WHAT WAS BROKEN IN EDEN: A FRACTURE OF ALIGNMENT
The fall in Eden was not simply the breaking of a rule; it was the breaking of alignment, humanity separating itself from the very Source of life. Humanity, created in the image of God, was designed to operate in seamless harmony with the Divine—heart, word, and will flowing together like notes in a divine symphony with God Himself.
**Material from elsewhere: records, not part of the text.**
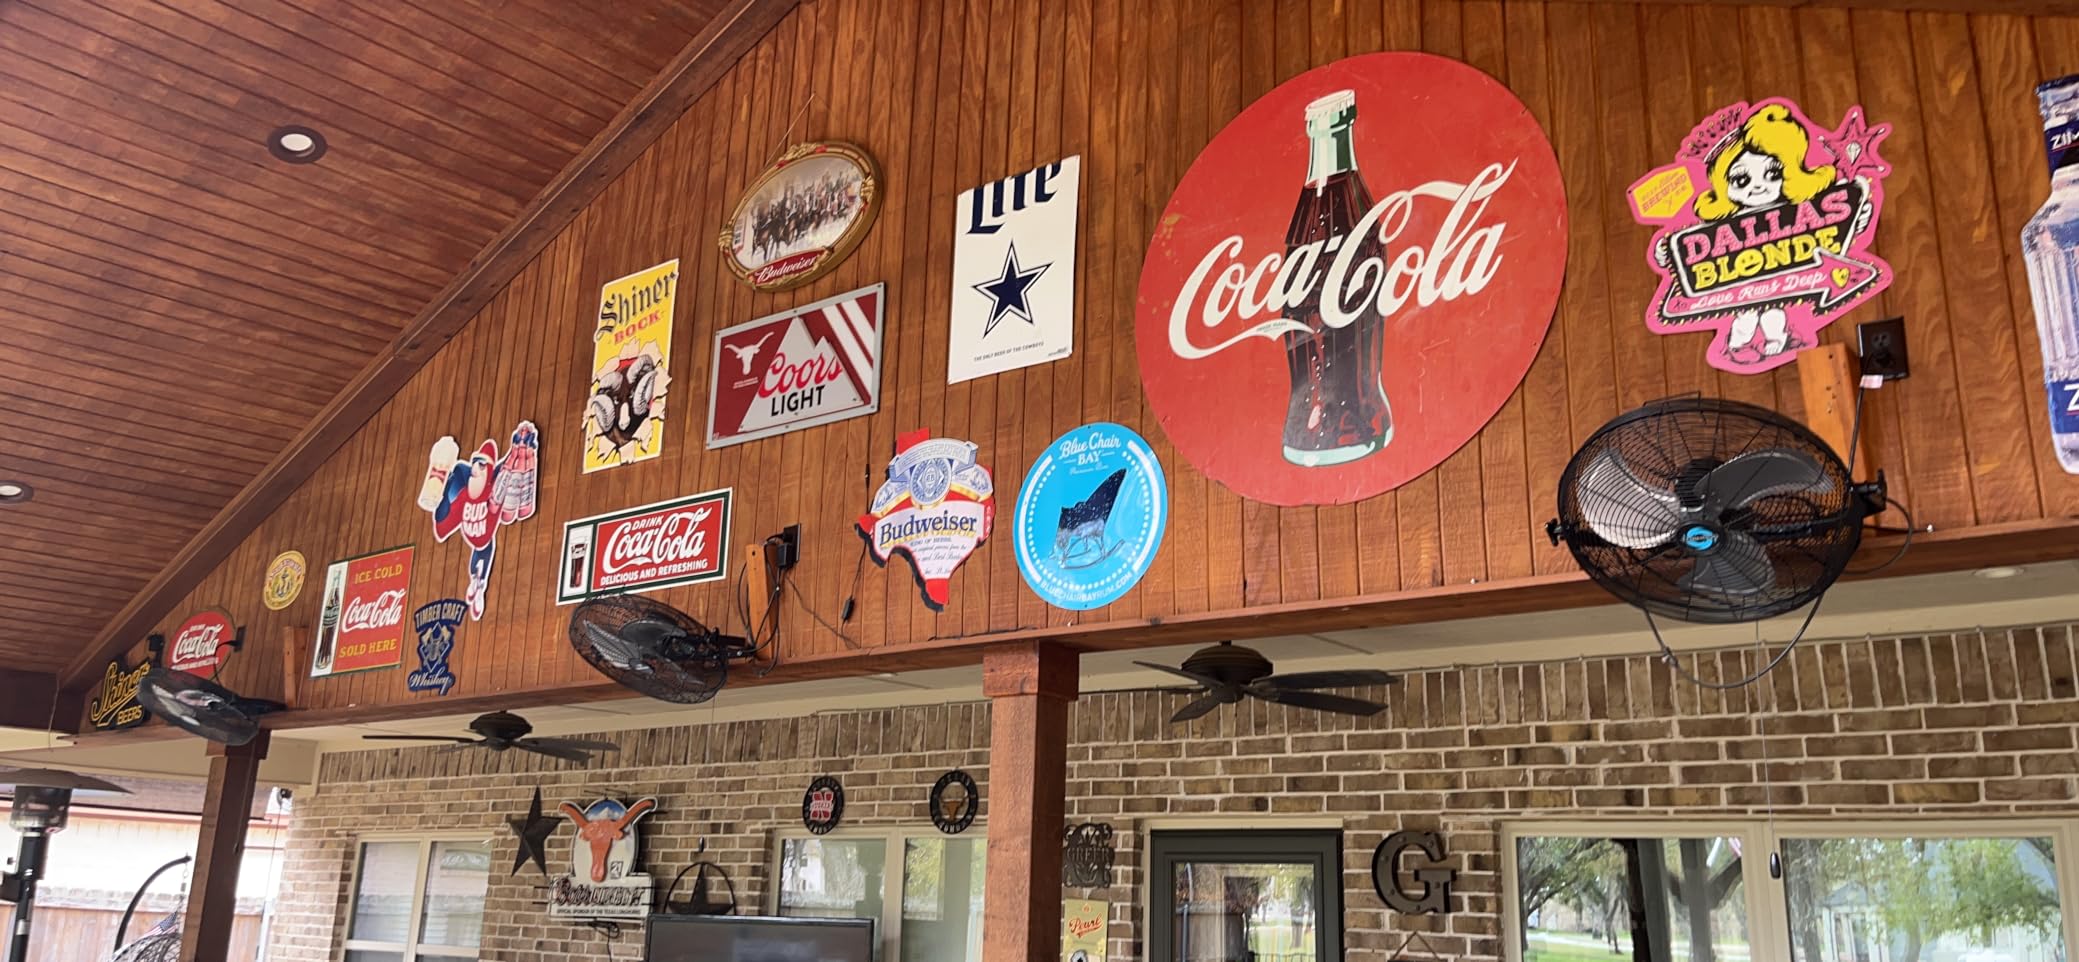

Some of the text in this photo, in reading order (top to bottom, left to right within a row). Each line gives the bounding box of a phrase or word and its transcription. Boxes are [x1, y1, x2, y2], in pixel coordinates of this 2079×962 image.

[1682, 190, 1852, 265] DALLAS
[755, 256, 817, 283] Budweiser
[1169, 157, 1519, 360] Coca-Cola
[596, 271, 676, 341] Shiner
[1690, 270, 1828, 311] Love Runs Deep
[614, 309, 660, 345] BOCK
[758, 352, 844, 398] Coors
[771, 385, 826, 417] LIGHT
[1058, 431, 1121, 459] Blue Chair
[1078, 450, 1101, 466] BAY
[462, 501, 489, 522] BUD
[631, 515, 663, 531] DRINK
[462, 520, 487, 537] MAN
[602, 507, 712, 574] Coca-Cola
[880, 510, 977, 547] Budweiser
[355, 564, 403, 584] ICE COLD
[600, 558, 708, 586] DELICIOUS AND REFRESHING
[341, 588, 406, 633] Coca-Cola
[415, 602, 467, 627] TIMBER CRAFT
[172, 623, 225, 663] Coca-Cola
[338, 638, 398, 659] SOLD HERE
[410, 665, 450, 696] Whiskey
[116, 705, 142, 725] BEERS
[1371, 829, 1457, 916] G
But when the serpent sowed doubt with the words “Did God really say…?”, the divine order required for blessing, unraveled as they agreed with his deceptive words. What was once a coherent, life-producing spiritual alignment between God and humanity fractured into chaos. They reached for wisdom without reverence and autonomy without alignment, and in doing so, dislocated their essence from the divine source. That misalignment gave birth to death—not only physical death but a kind of spiritual entropy: anxiety, shame, toil, suffering and alienation became our inheritance.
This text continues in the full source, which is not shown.